Got it. I can relate: while Python 3 support is probably fixed now, I agree that Bazel tooling for adding toolchains has been always abysmal. Things somewhat get better (https://docs.bazel.build/versions/master/toolchains.html) since it's now in Skylark, not in Java, but I still don't like it (aka not productive)

Overall, custom toolchains are common (especially, in the embedded world), and a good build system should make that very easy.

jayd16 · on May 1, 2021

I wouldn't call it painful exactly but I'll be happy when shallow and sparse cloning become rock solid and boring.

WayToDoor · on May 1, 2021

The article is really impressive. It's nice to see GitHub contribute changes back to the git project, and to know that the two work closely together.

slver · on May 1, 2021

It's in their mutual interest. Imagine what happens to GIThub if GIT goes out of fashion.

infogulch · on May 1, 2021

Yes, isn't it nice when interests of multiple parties are aligned such that they help each other make progress towards their shared goals?

slver · on May 1, 2021

Well, it's nice to see they're rational, indeed.

jackbravo · on May 1, 2021

Other rational companies could try to fix this without contributing upstream. Doing it upstream benefits competitors like gitlab. So yeah! It's nice seeing this kind of behavior

slver · on May 1, 2021

First, they not only contributed upstream, upstream developers contributed to this patch. I.e. they got help outside GitHub to make this patch possible.

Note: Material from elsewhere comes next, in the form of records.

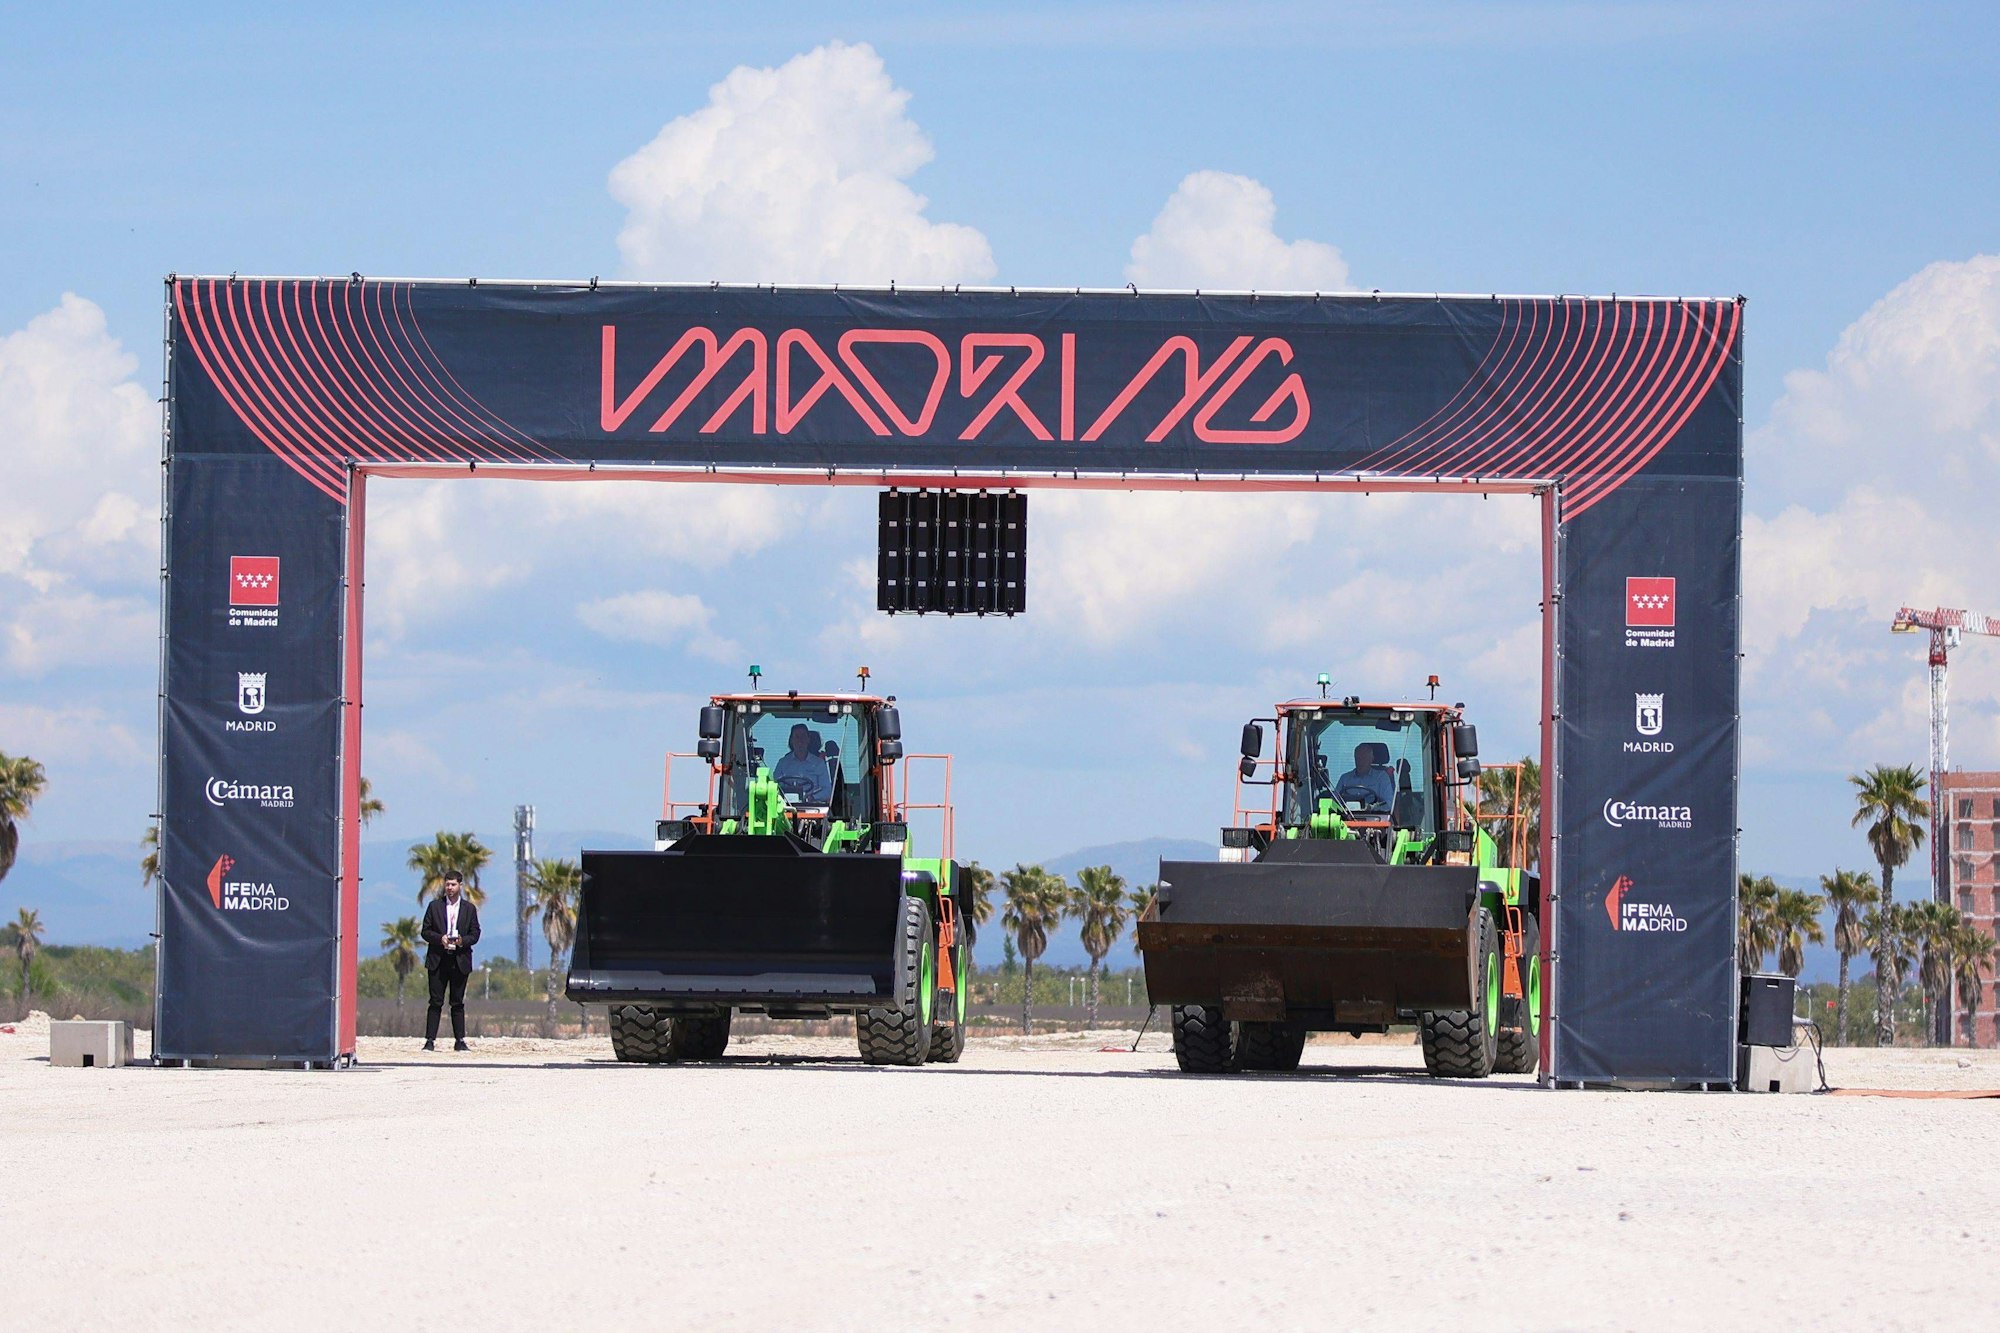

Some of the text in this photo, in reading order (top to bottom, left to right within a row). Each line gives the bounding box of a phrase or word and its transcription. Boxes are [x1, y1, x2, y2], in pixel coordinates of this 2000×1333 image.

[229, 607, 279, 617] Comunidad
[229, 617, 279, 627] de Madrid
[1625, 628, 1675, 638] Comunidad
[1625, 638, 1675, 648] de Madrid
[226, 721, 277, 732] MADRID
[1623, 742, 1675, 753] MADRID
[213, 779, 295, 801] Cámara
[260, 799, 294, 808] MADRID
[1609, 800, 1692, 821] Cámara
[1658, 820, 1692, 829] MADRID
[224, 882, 276, 896] IFEMA
[224, 896, 290, 911] MADRID
[1622, 903, 1674, 917] IFEMA
[1622, 917, 1688, 932] MADRID
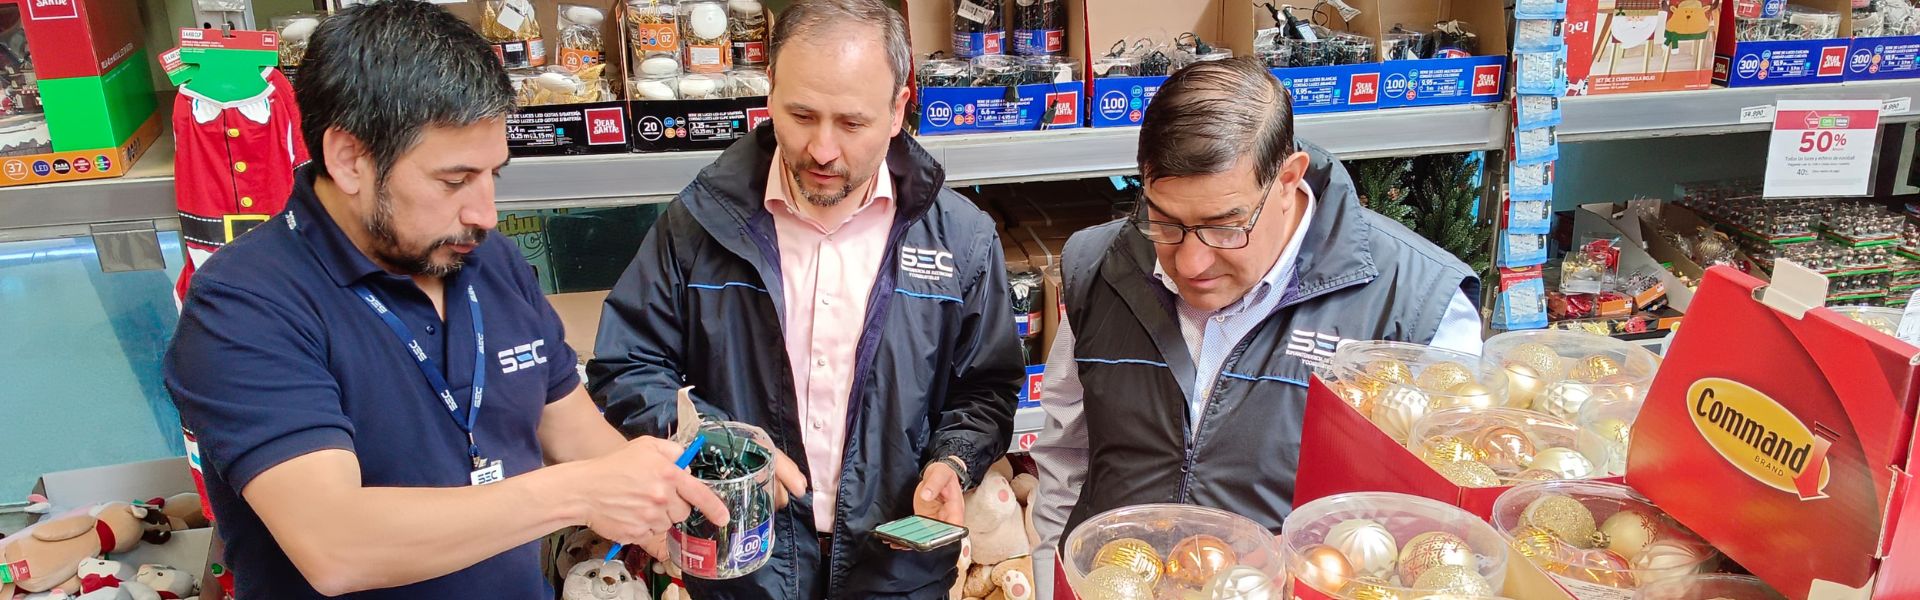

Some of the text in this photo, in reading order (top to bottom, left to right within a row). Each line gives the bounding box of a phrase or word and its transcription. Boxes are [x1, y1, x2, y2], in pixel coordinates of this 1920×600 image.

[567, 57, 576, 65] 20
[1740, 60, 1757, 69] 300
[1852, 55, 1869, 63] 300
[1386, 80, 1404, 89] 100
[1103, 98, 1124, 110] 100
[930, 107, 949, 117] 100
[594, 118, 615, 127] DEAR
[644, 122, 658, 132] 20
[592, 126, 619, 134] SANTA
[1799, 131, 1847, 152] 50%
[8, 164, 22, 172] 37
[901, 246, 953, 272] SEC
[365, 294, 388, 314] SEC
[408, 340, 428, 362] SEC
[498, 339, 548, 374] SEC
[440, 389, 458, 412] SEC
[474, 386, 482, 408] SEC
[1696, 387, 1812, 474] Command
[1754, 455, 1784, 477] BRAND
[478, 470, 498, 485] SEC

Second, if they had decided to fork Git, then they'd have to maintain this fork forever.

Third, this fork could overtime become visibly or even worse subtly incompatible with stock Git which is still the Git running on GitHub users' machines, and both should interact with each other in 100% compatible manner.

So, in this case, not contributing upstream was literally no-go. The only rational choice would be to not fork Git.

underdeserver · on May 1, 2021

30 minute read + the Git object model = mind boggled.

I'd have appreciated a series of articles instead of one, for me it's way too much info to take in in one sitting.

georgyo · on May 1, 2021

It was a lot to digest, but it was also all one continuous thought.

If it was broken up, I don't think it would have been nearly as good. And I don't think I would have been able to keep all the context to understand smaller chunks.

I really enjoyed the whole thing.

iudqnolq · on May 1, 2021

I'm currently working through the book Building Git. Best $30 I've spent in a while. It's about 700 pages, but 200 pages in and I can stage files to/from the index, make commits, and see the current status (although not on a repo with packfiles).

I'm thinking about writing a blog post where I write a git commit with hexdump, zlib, and vim.

whymauri · on May 1, 2021

I love when people use Git in ways I haven't thought about before. Reminds me of the first time I played around with 'blobs.'

debarshri · on May 1, 2021

It is a great writeup. I wonder how gitlab solves this problem.

lbotos · on May 1, 2021

GL packs refs at various times and frequencies depending on usage: https://docs.gitlab.com/ee/administration/housekeeping.html

It works well for most repos but as you start to get out to the edges of lots of commits it can cause slowness. GL admins can repack reasonably safely at various times to get access speedups, but the solution that is presented in the blog would def speed packing up.

(I work as a Support Engineering Leader at GL but I'm reading HN for fun <3)

masklinn · on May 1, 2021

They might have yet to encounter it. Git is hosting some really big repos.

lbotos · on May 1, 2021

Oh, we def have. I've seen some large repos (50+GB) in some GL installations.

swiley · on May 1, 2021

Mono-repos are like having a flat directory structure.

Sure it's simple but it makes it hard to find anything if you have a lot of stuff/people. submodules and package managers exist for a reason.

Denvercoder9 · on May 1, 2021

> Sure it's simple but it makes it hard to find anything if you have a lot of stuff/people.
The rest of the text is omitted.